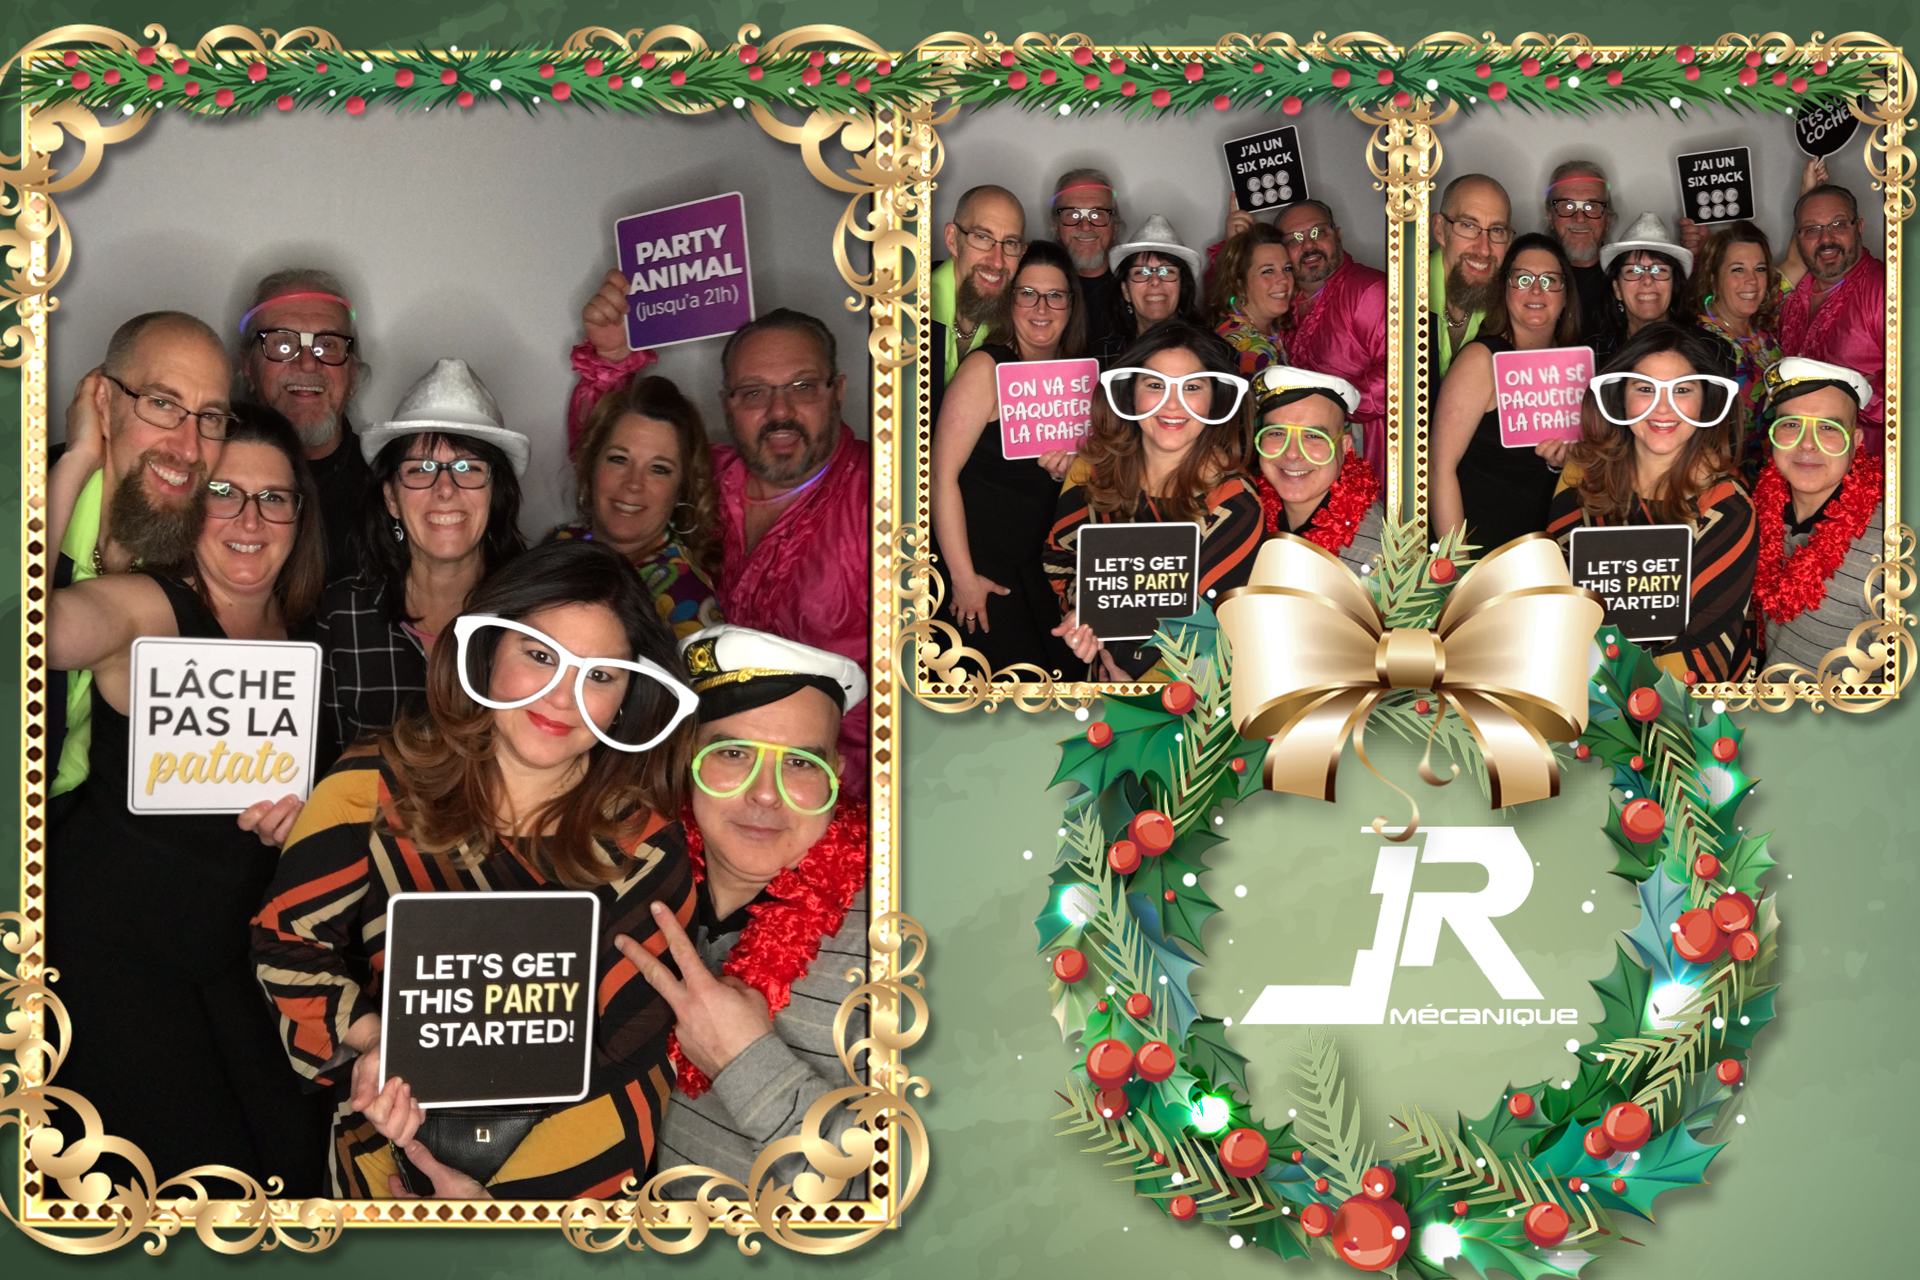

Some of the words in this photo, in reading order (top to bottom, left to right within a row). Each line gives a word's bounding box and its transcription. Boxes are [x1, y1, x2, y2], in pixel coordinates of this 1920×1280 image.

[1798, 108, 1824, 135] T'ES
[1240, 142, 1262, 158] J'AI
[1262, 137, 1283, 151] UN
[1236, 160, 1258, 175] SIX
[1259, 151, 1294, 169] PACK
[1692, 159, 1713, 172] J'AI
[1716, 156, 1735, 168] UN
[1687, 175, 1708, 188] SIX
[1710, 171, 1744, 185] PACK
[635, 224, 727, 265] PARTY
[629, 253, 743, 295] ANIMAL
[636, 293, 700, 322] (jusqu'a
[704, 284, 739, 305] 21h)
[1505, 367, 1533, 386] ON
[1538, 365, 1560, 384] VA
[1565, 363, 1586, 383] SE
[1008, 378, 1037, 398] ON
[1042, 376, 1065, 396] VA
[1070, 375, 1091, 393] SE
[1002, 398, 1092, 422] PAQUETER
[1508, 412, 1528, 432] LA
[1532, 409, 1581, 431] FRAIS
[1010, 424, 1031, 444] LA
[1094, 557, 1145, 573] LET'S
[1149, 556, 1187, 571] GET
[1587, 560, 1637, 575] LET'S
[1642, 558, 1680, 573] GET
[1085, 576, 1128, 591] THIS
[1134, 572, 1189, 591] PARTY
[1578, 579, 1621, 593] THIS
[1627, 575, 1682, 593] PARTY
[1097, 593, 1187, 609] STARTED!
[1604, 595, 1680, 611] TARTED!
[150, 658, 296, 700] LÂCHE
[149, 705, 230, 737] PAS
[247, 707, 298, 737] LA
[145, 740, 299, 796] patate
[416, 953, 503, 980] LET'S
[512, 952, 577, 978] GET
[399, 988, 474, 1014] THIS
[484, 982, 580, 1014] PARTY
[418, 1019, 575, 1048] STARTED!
--*--
WHAT THE EXERCISE ASKS
If a record contains a picture, leave the picture out and retype everything else exactly.

ANSWER TO THE EXERCISE
Some of the words in this photo, in reading order (top to bottom, left to right within a row). Each line gives a word's bounding box and its transcription. Boxes are [x1, y1, x2, y2], in pixel coordinates of this 1920×1280 image.

[1798, 108, 1824, 135] T'ES
[1240, 142, 1262, 158] J'AI
[1262, 137, 1283, 151] UN
[1236, 160, 1258, 175] SIX
[1259, 151, 1294, 169] PACK
[1692, 159, 1713, 172] J'AI
[1716, 156, 1735, 168] UN
[1687, 175, 1708, 188] SIX
[1710, 171, 1744, 185] PACK
[635, 224, 727, 265] PARTY
[629, 253, 743, 295] ANIMAL
[636, 293, 700, 322] (jusqu'a
[704, 284, 739, 305] 21h)
[1505, 367, 1533, 386] ON
[1538, 365, 1560, 384] VA
[1565, 363, 1586, 383] SE
[1008, 378, 1037, 398] ON
[1042, 376, 1065, 396] VA
[1070, 375, 1091, 393] SE
[1002, 398, 1092, 422] PAQUETER
[1508, 412, 1528, 432] LA
[1532, 409, 1581, 431] FRAIS
[1010, 424, 1031, 444] LA
[1094, 557, 1145, 573] LET'S
[1149, 556, 1187, 571] GET
[1587, 560, 1637, 575] LET'S
[1642, 558, 1680, 573] GET
[1085, 576, 1128, 591] THIS
[1134, 572, 1189, 591] PARTY
[1578, 579, 1621, 593] THIS
[1627, 575, 1682, 593] PARTY
[1097, 593, 1187, 609] STARTED!
[1604, 595, 1680, 611] TARTED!
[150, 658, 296, 700] LÂCHE
[149, 705, 230, 737] PAS
[247, 707, 298, 737] LA
[145, 740, 299, 796] patate
[416, 953, 503, 980] LET'S
[512, 952, 577, 978] GET
[399, 988, 474, 1014] THIS
[484, 982, 580, 1014] PARTY
[418, 1019, 575, 1048] STARTED!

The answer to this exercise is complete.